(TASK DATA begins)
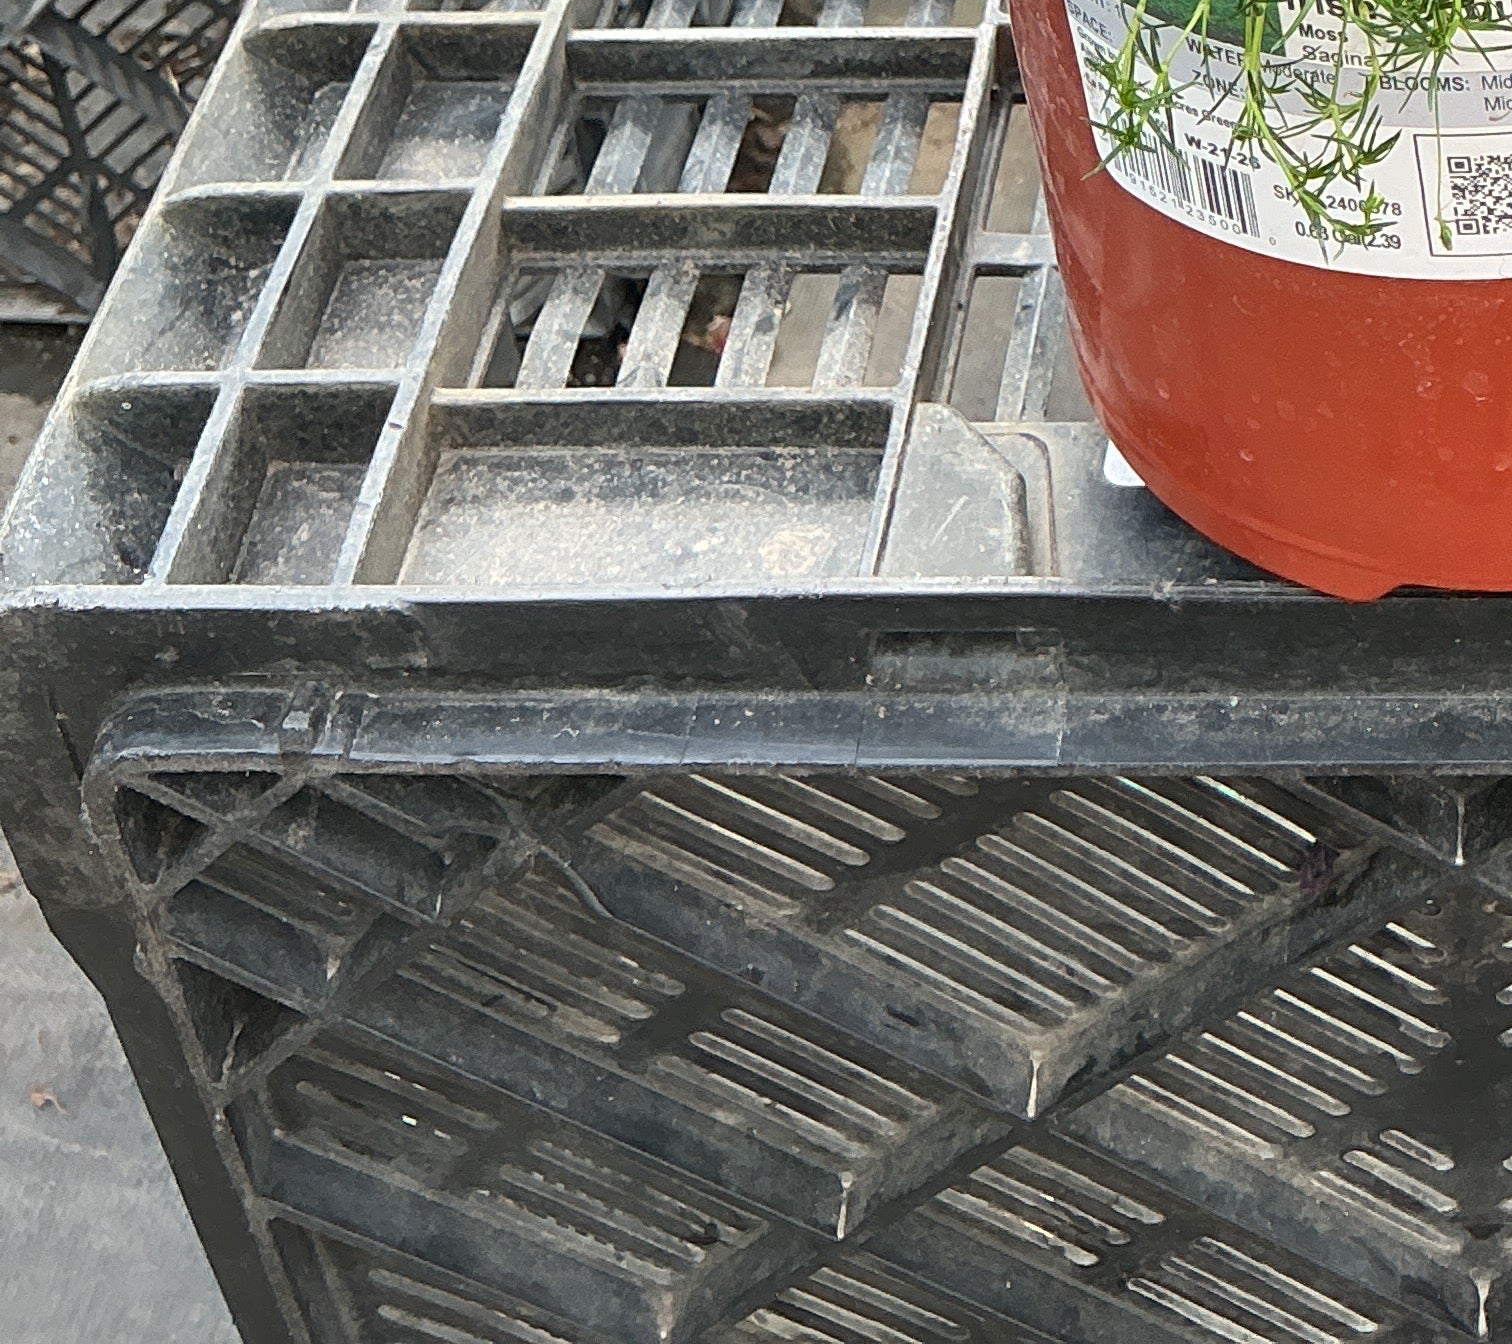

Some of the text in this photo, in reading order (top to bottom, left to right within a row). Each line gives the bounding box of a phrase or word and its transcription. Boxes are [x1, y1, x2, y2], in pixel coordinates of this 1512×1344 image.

[1298, 23, 1348, 43] Moss
[1301, 44, 1374, 68] Sagina
[1379, 75, 1470, 91] BLOOMS:
[1183, 132, 1262, 170] W-21-26
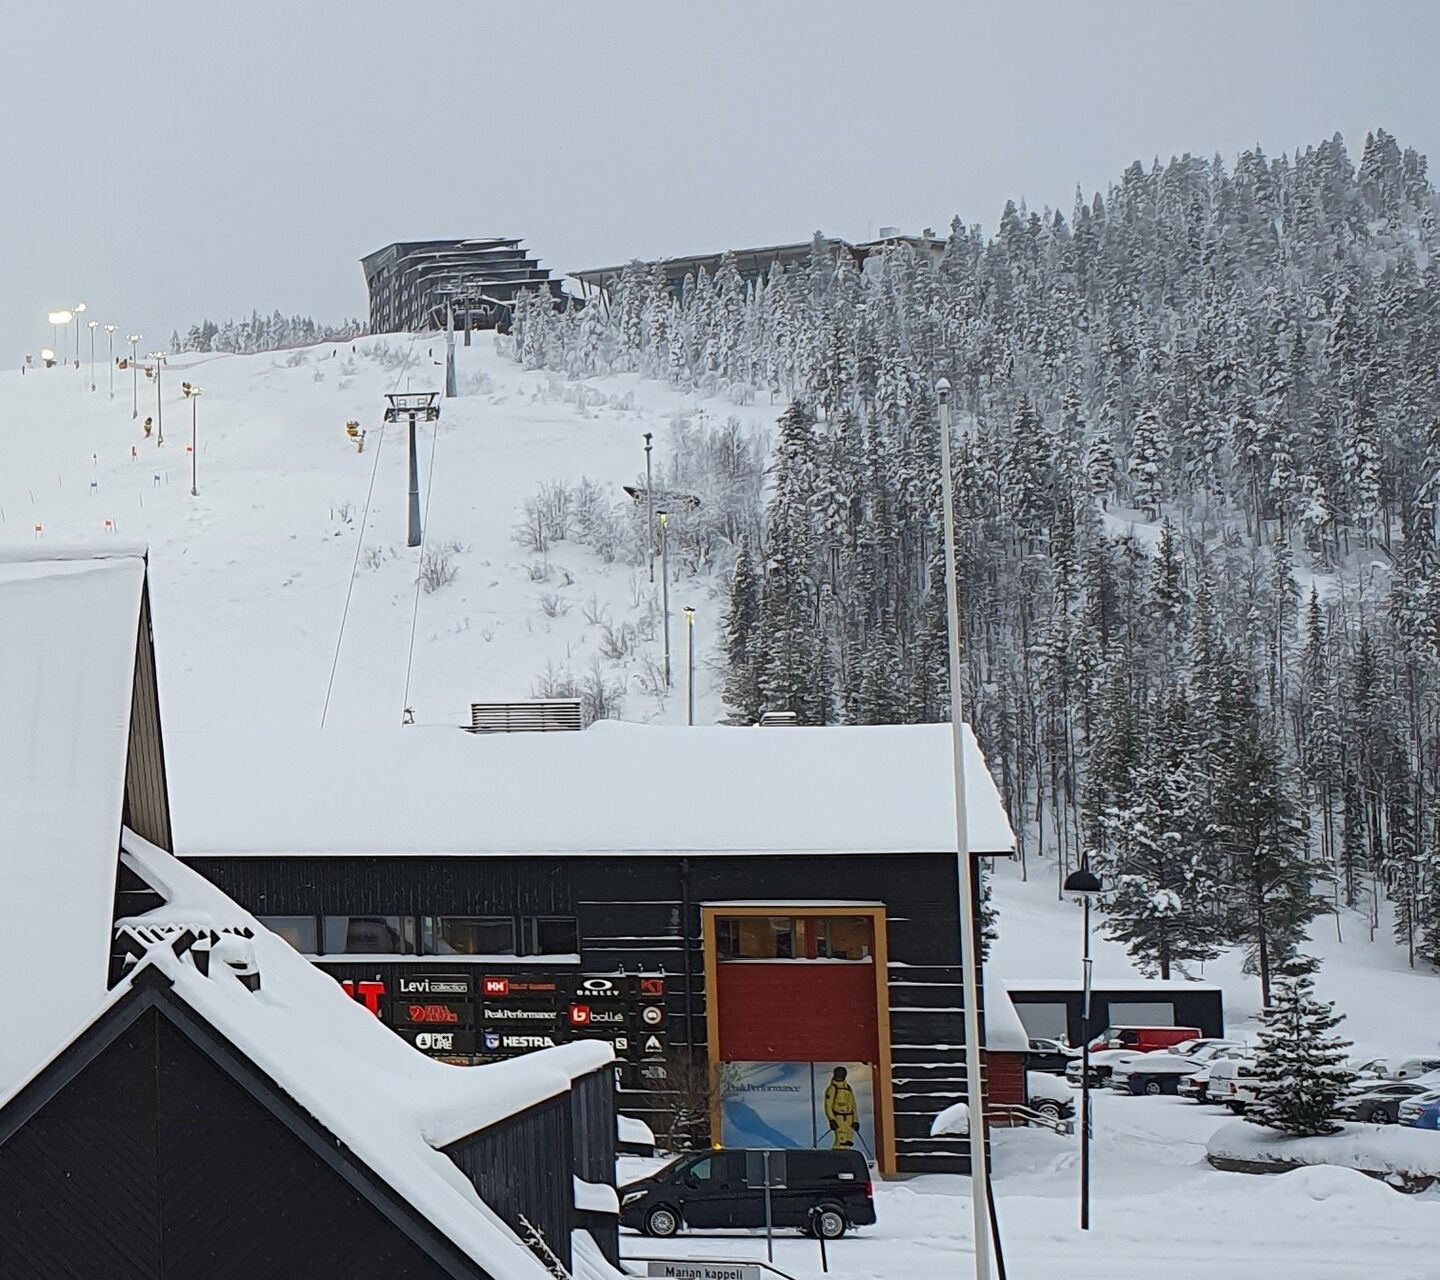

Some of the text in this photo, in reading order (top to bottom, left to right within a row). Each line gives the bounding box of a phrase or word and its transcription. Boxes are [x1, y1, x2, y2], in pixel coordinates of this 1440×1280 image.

[400, 978, 430, 993] Levi
[502, 1036, 555, 1047] HESTRA
[665, 1266, 743, 1280] Marian kappeli
(TASK DATA ends)
[WHAT YOU HAVE TO DO]:
Keep the pictures out, and write out the rest of the data above word for word.

[TASK RESPONSE]:
Some of the text in this photo, in reading order (top to bottom, left to right within a row). Each line gives the bounding box of a phrase or word and its transcription. Boxes are [x1, y1, x2, y2], in pixel coordinates of this 1512×1344 image.

[1298, 23, 1348, 43] Moss
[1301, 44, 1374, 68] Sagina
[1379, 75, 1470, 91] BLOOMS:
[1183, 132, 1262, 170] W-21-26

Some of the text in this photo, in reading order (top to bottom, left to right within a row). Each line gives the bounding box of a phrase or word and its transcription. Boxes are [x1, y1, x2, y2], in pixel coordinates of this 1440×1280 image.

[400, 978, 430, 993] Levi
[502, 1036, 555, 1047] HESTRA
[665, 1266, 743, 1280] Marian kappeli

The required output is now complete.